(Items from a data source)
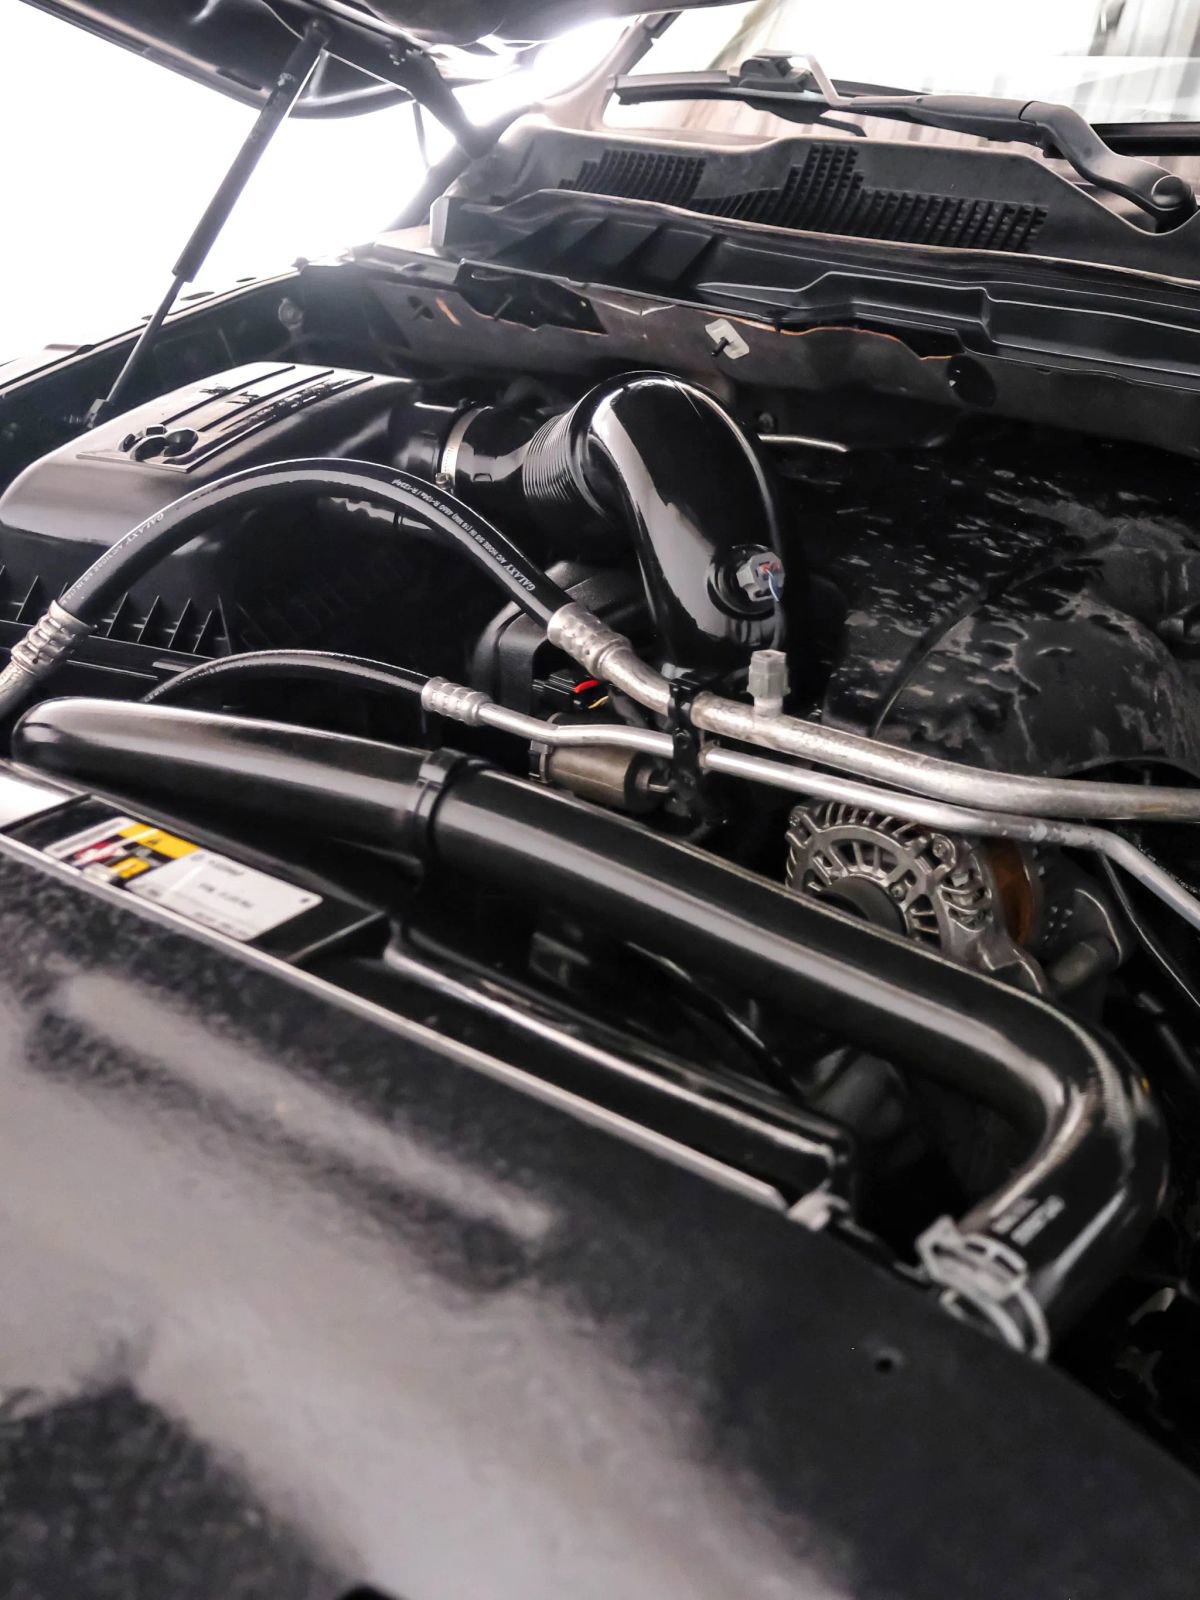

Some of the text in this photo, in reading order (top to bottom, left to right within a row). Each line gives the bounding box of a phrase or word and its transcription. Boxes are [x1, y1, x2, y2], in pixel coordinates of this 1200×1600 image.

[126, 512, 164, 544] GALAXY
[482, 540, 499, 556] HOSE
[504, 563, 536, 591] GALAXY
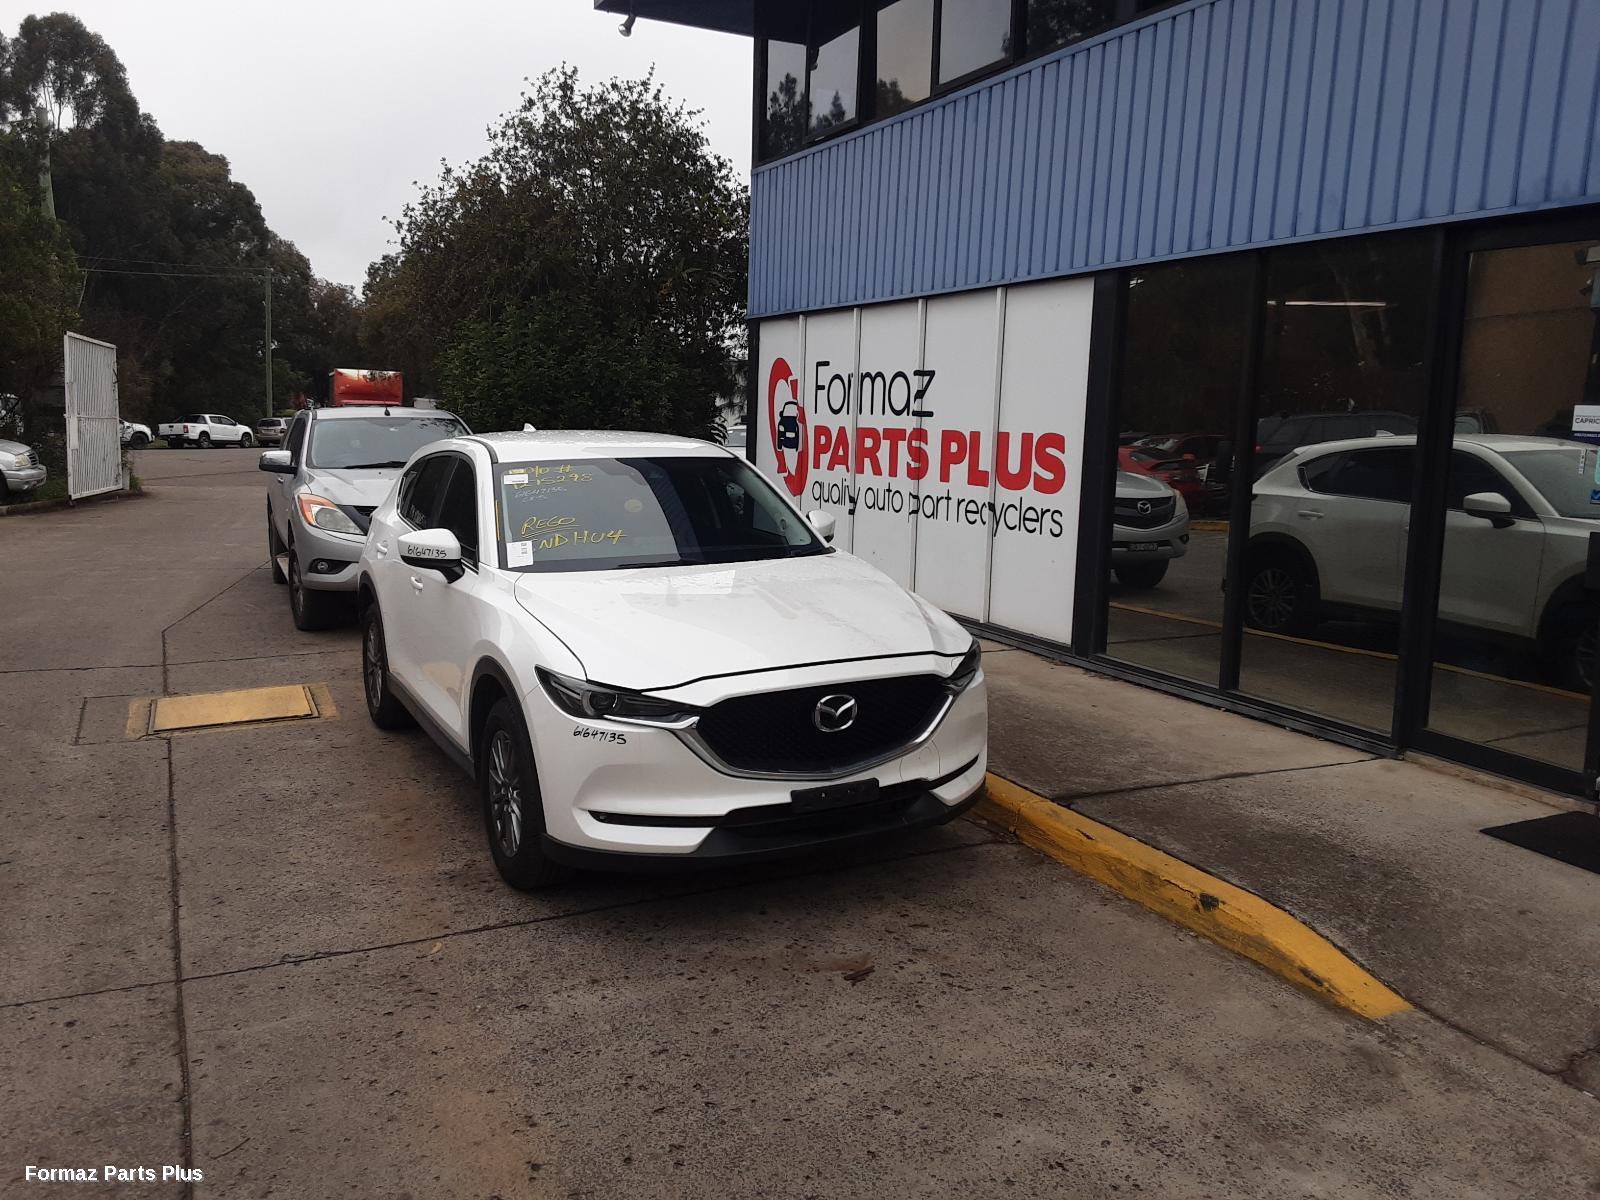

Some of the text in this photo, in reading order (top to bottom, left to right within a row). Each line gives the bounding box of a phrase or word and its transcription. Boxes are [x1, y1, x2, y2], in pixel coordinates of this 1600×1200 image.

[814, 361, 936, 418] Formaz
[812, 424, 1067, 495] PARTS PLUS
[812, 477, 1063, 538] qualiy auto part recyclers
[407, 544, 448, 559] 61647135
[573, 725, 627, 745] 61647135

### [Your goal]
Where a record holds a picture, leave the picture out and restate the rest word for word.

### [Reply]
Some of the text in this photo, in reading order (top to bottom, left to right within a row). Each line gives the bounding box of a phrase or word and its transcription. Boxes are [x1, y1, x2, y2], in pixel coordinates of this 1200×1600 image.

[126, 512, 164, 544] GALAXY
[482, 540, 499, 556] HOSE
[504, 563, 536, 591] GALAXY

Some of the text in this photo, in reading order (top to bottom, left to right within a row). Each line gives the bounding box of a phrase or word and its transcription. Boxes are [x1, y1, x2, y2], in pixel coordinates of this 1600×1200 image.

[814, 361, 936, 418] Formaz
[812, 424, 1067, 495] PARTS PLUS
[812, 477, 1063, 538] qualiy auto part recyclers
[407, 544, 448, 559] 61647135
[573, 725, 627, 745] 61647135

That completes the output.